Cristina Amigoni: I like that. I love that. For sure.
Alex Cullimore: That position.
Cristina Amigoni: Yeah. Well, thank you so much, Sharon.
Alex Cullimore: Yeah. Thanks for sharing everything.
Sharon Holmes: I'm so excited. My first podcast, I did it.
Cristina Amigoni: Yes. You did it. First podcast. Yes.
Sharon Holmes: Yay. I would love to come back any time. Update.
Cristina Amigoni: We'd love to have you back.
Sharon Holmes: Yes. We will come back together, and I'll share. I'll learn more about what's going on with you. You'll learn more about what's going on with me.
Cristina Amigoni: Exactly.
Sharon Holmes: Any of your listeners out there, just man, we want sharing that, right?
Cristina Amigoni: We get to decide. That's our own power in this podcast.
Alex Cullimore: Yeah. We'll just bring you on.
Cristina Amigoni: Yes. We'll just bring you back. Yes. Yeah.
Sharon Holmes: Yes. Wonderful. Well, thank you. This has been great. I wish you both continued success. You two are phenomenal. The work you're doing is great. You're inspiring me to think about a podcast now, so thank you for that. It's really fun. I just love this format. Thank you so much again, and it was my dream honor to be here.

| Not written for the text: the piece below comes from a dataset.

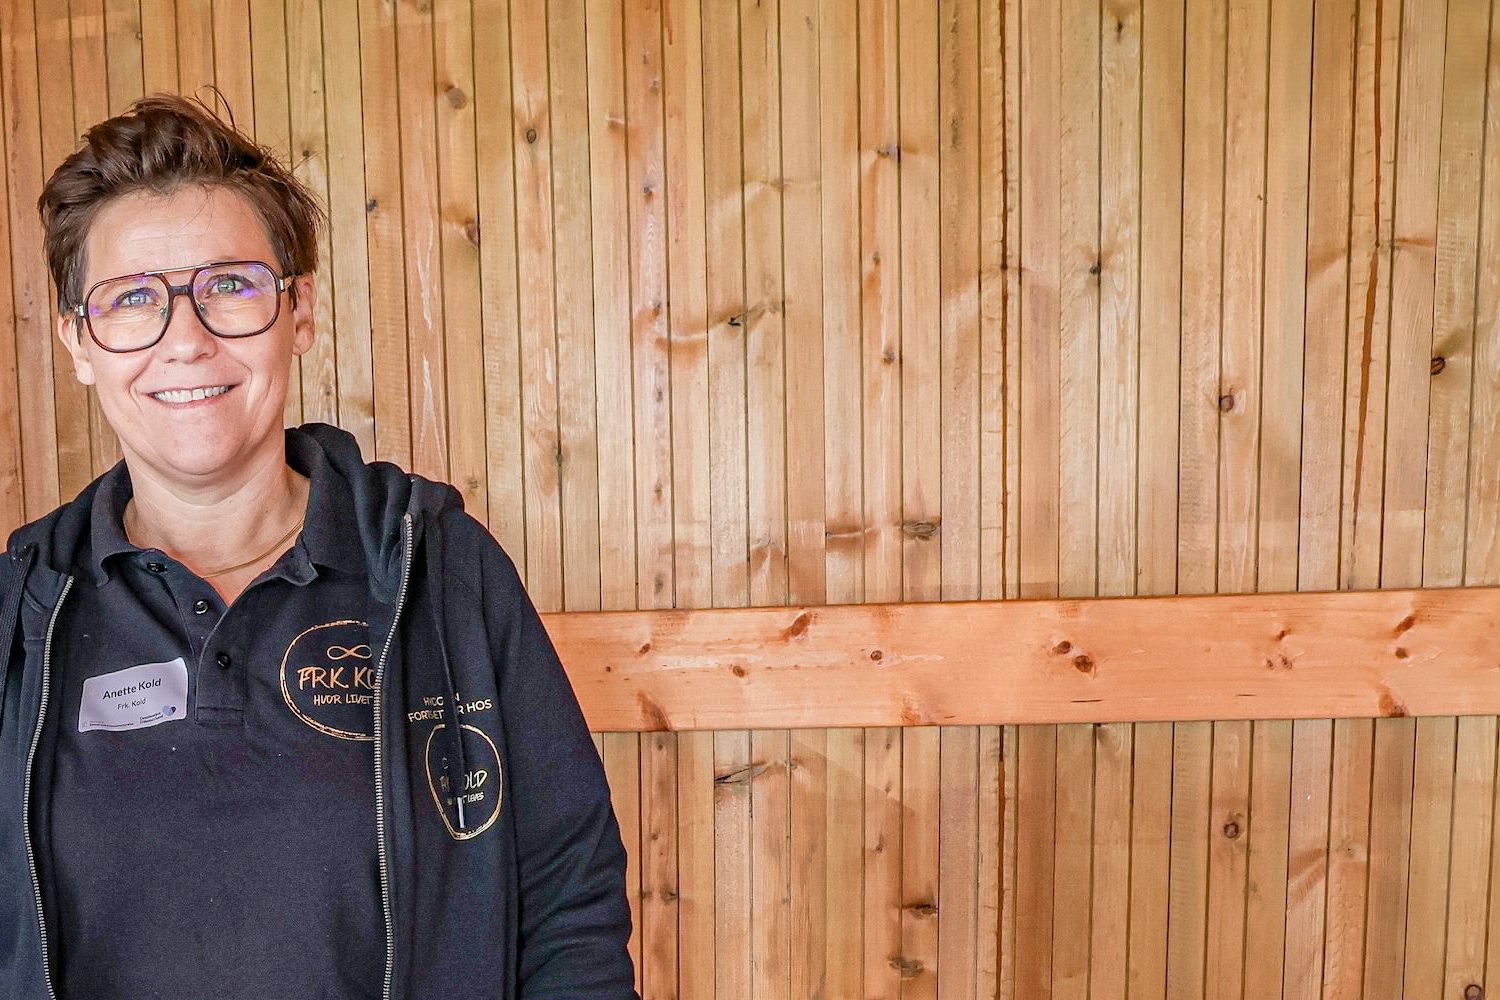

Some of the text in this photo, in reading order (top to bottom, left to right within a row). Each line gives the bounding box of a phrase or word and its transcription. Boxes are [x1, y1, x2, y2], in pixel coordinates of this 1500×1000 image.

[102, 678, 161, 700] Anette Kold
[132, 698, 146, 708] Kold
[313, 694, 342, 706] HVOR
[466, 699, 493, 713] HOS

Alex Cullimore: Thank you, Sharon.
Cristina Amigoni: Thank you. Thanks, everybody, for listening.
Sharon Holmes: Bye-bye.
[END OF INTERVIEW]
Alex Cullimore: Thanks so much for listening to Uncover the Human. We Are Siamo, that is the company that sponsors and created this podcast. If you’d like to reach out to us further, reach out with any questions or to be on the podcast, please reach out to podcast@wearesiamo.com. Or you can find us on Instagram. Our handle is @wearesiamo, S-I-A-M-O. Or you can go to wearesiamo.com and check us out there. Or, I suppose, Cristina, you and I have LinkedIn as well. People could find us anywhere else.
Cristina Amigoni: Yes, we do have LinkedIn. Yes. Yeah. We’d like to thank Abbay Robinson for producing our podcast and making sure that they actually reach all of you. And Rachel Sherwood for the wonderful score.

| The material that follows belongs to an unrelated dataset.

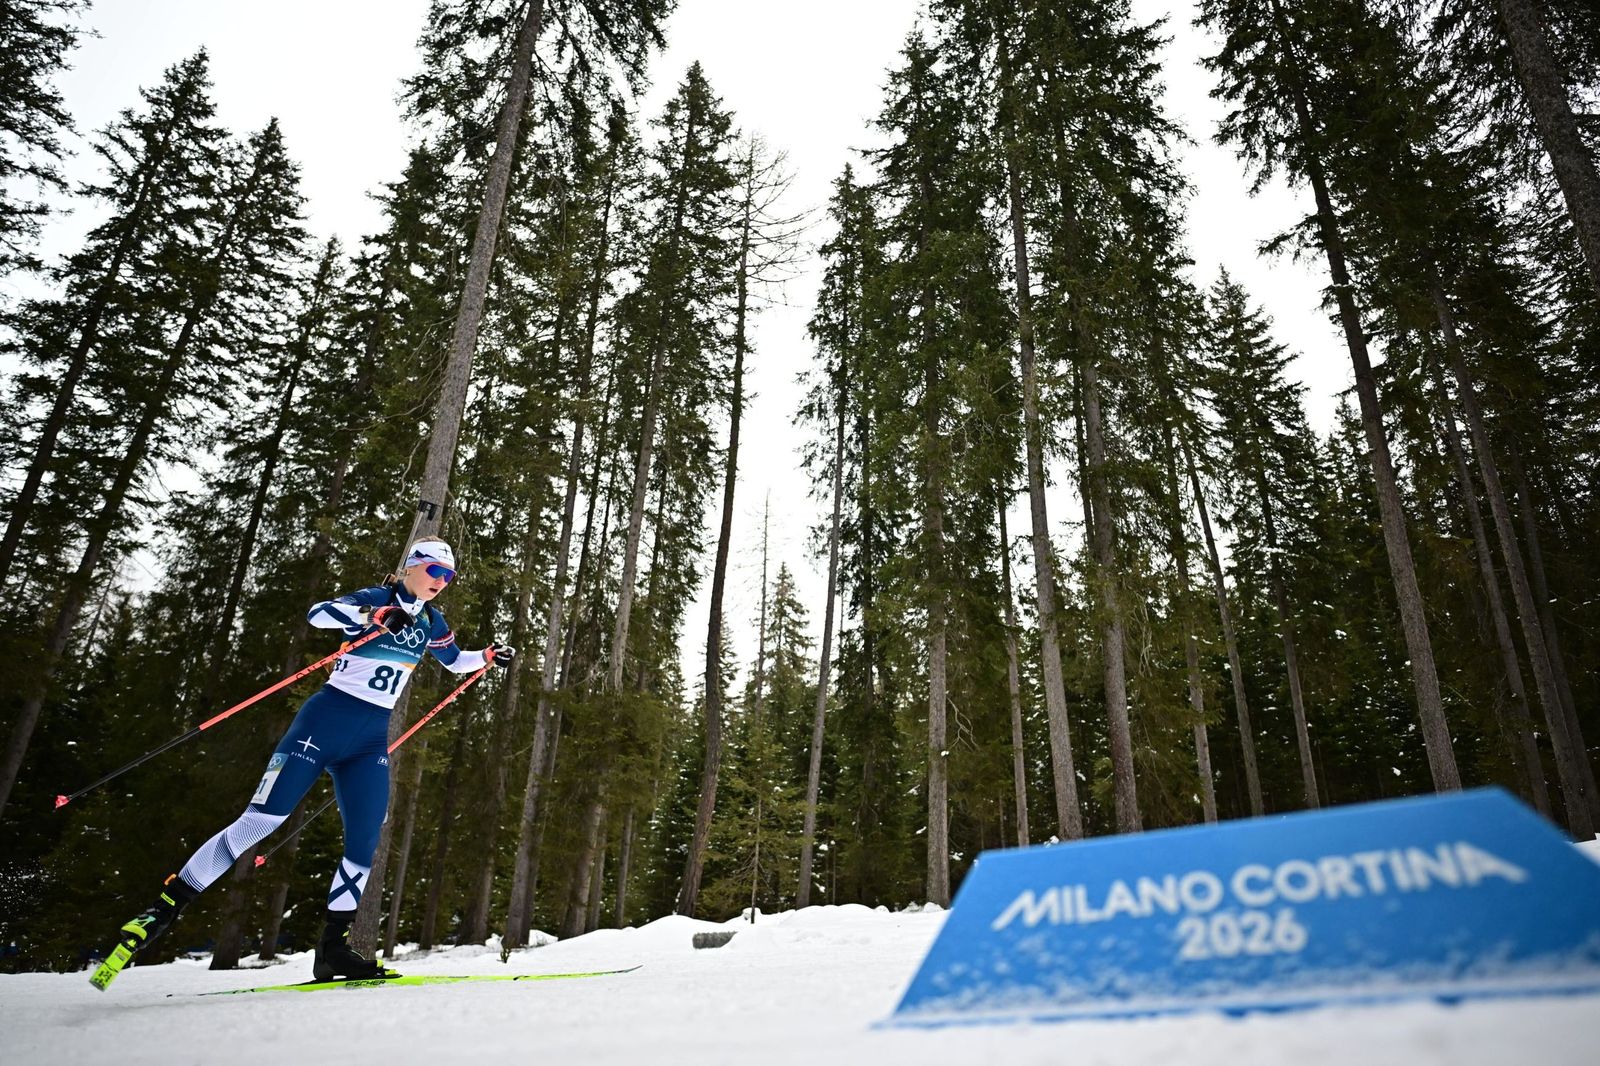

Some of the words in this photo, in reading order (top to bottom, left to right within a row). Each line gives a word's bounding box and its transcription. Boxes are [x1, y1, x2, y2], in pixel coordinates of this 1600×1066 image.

[368, 664, 404, 696] 81
[991, 868, 1222, 931] MILANO
[1231, 841, 1528, 906] CORTINA
[1176, 908, 1308, 961] 2026

Alex Cullimore: Thank you guys so much for listening. Tune in next time.
Cristina Amigoni: Thank you.
[END]

Principal | Executive Coach | Human-Centered Leadership Developer
Sharon E. Rose Holmes is a global leadership development executive, executive coach, and master facilitator with more than 25 years of experience helping leaders grow with confidence, clarity, and purpose. She is the Founder and Principal of Rose Ascension Group, a leadership development and executive coaching practice focused on cultivating self-aware, emotionally intelligent, and impactful leaders.

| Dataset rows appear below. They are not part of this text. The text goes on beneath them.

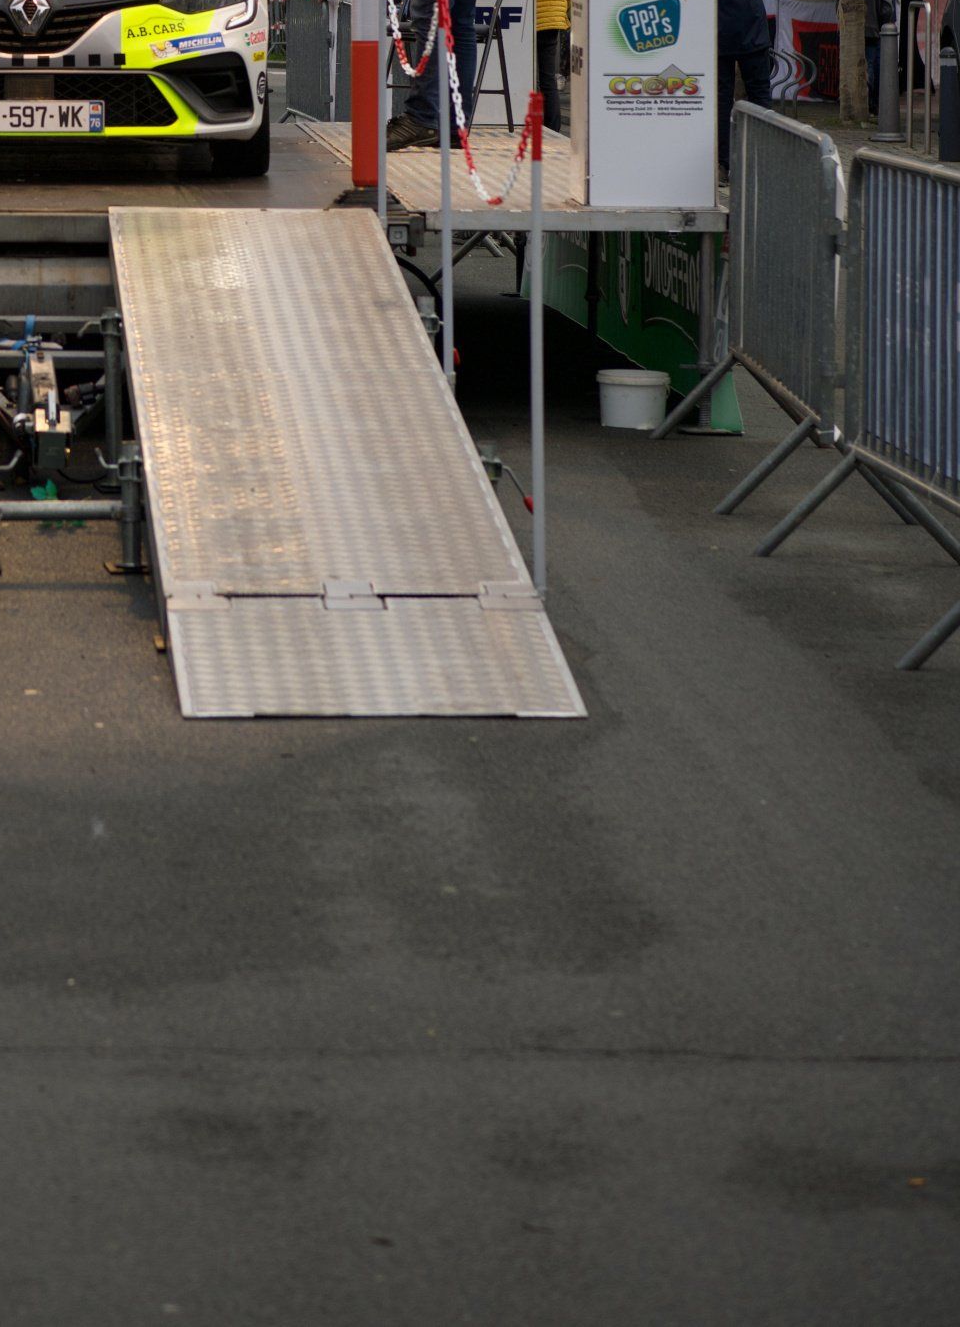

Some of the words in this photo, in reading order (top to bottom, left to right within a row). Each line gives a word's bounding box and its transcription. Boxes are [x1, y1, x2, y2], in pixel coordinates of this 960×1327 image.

[126, 26, 152, 39] A.B.
[153, 23, 185, 35] CARS
[179, 36, 223, 49] MICHELIN
[636, 35, 675, 52] RADIO
[90, 118, 101, 128] 76
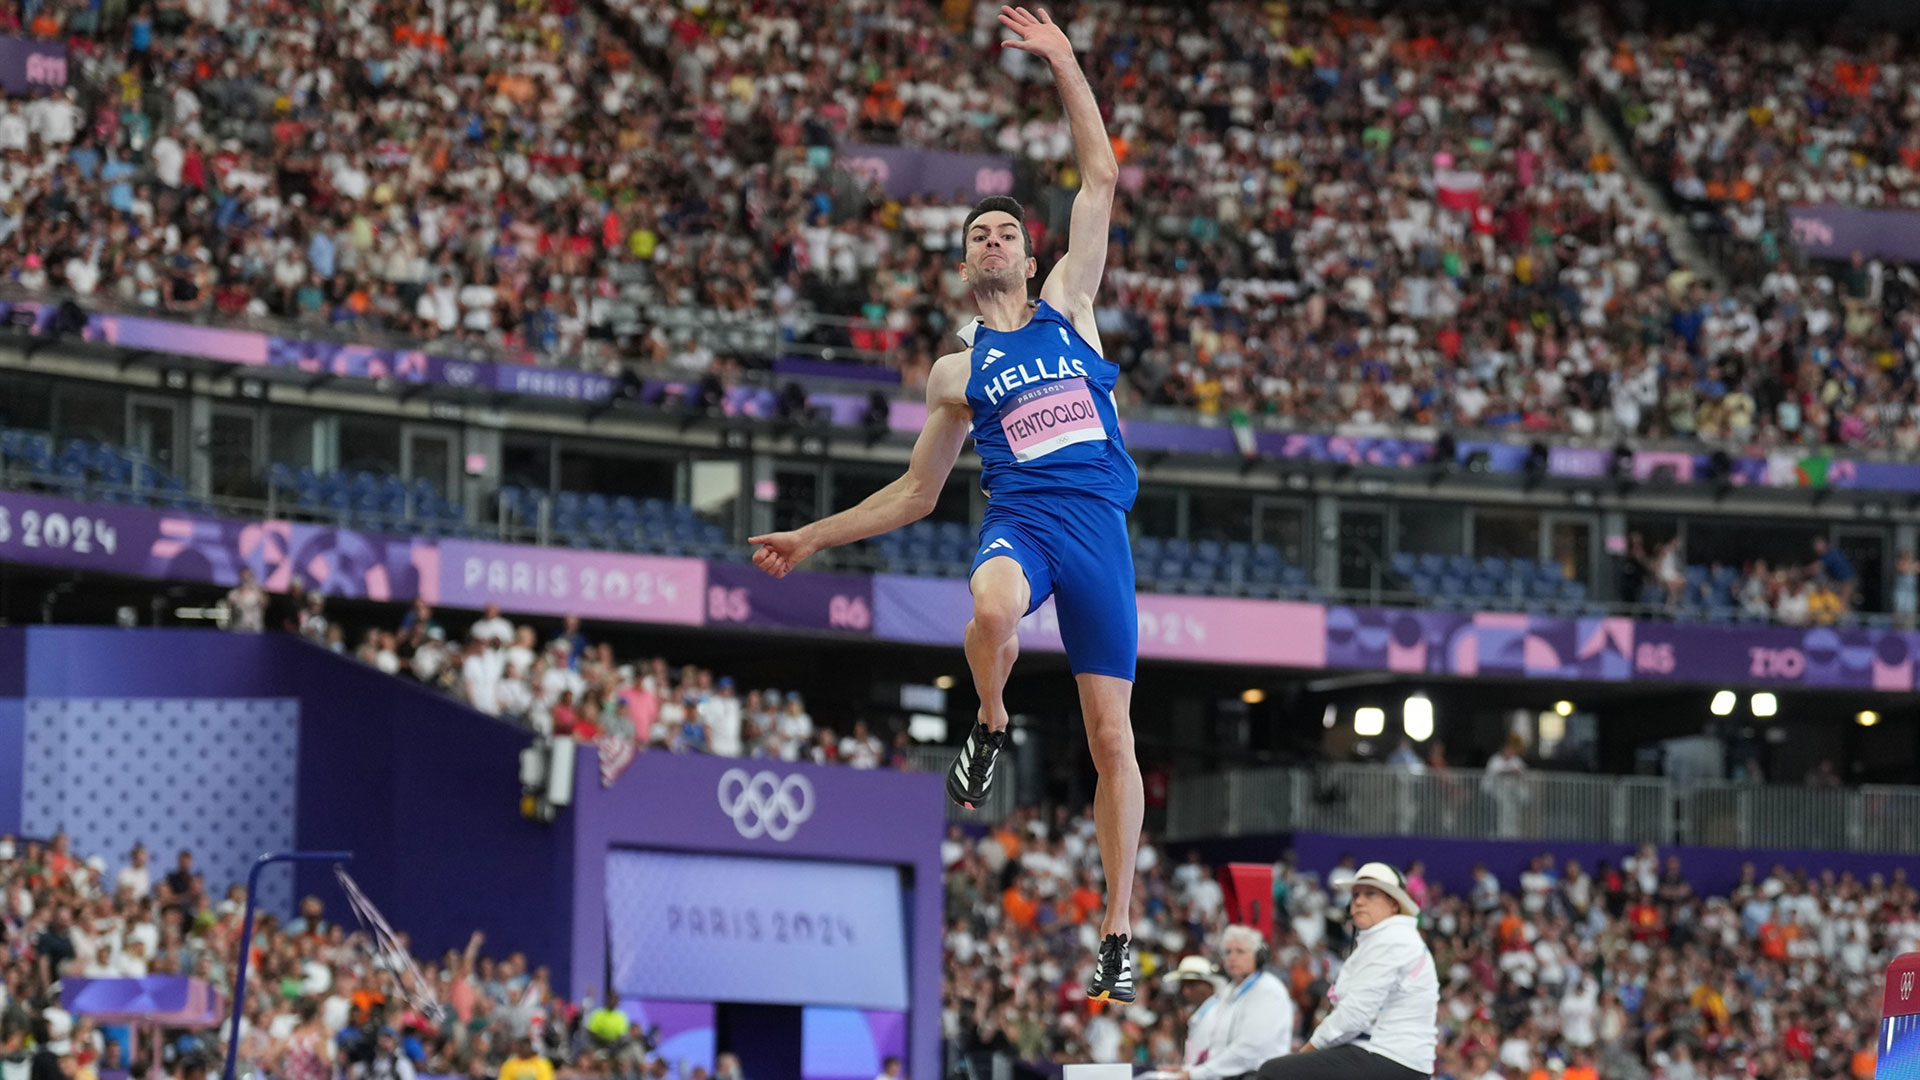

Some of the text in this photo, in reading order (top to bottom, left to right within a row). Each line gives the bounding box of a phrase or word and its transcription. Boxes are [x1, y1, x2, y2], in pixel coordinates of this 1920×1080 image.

[984, 355, 1089, 406] HELLAS
[1017, 384, 1065, 404] PARIS 2024
[1006, 400, 1095, 442] TENTOGLOU
[21, 509, 117, 555] 2024
[464, 557, 677, 604] PARIS 2024
[1137, 612, 1206, 645] 024
[667, 904, 856, 947] PARIS 2024

Throughout her career, Sharon has partnered with senior leaders and executive teams across industries including life sciences, manufacturing, energy, technology, financial services, and nonprofit organizations. Her work centers on leadership presence, influence, trust, and culture — helping leaders navigate complexity, lead through change, and create environments where both people and performance thrive.
Known for her warm, engaging, and highly practical style, Sharon blends strategic insight with real-world application and compelling storytelling. Whether coaching executives one-on-one, facilitating leadership cohorts, or advising organizations during transformation, she is deeply committed to uncovering the human side of leadership as the foundation for sustainable impact.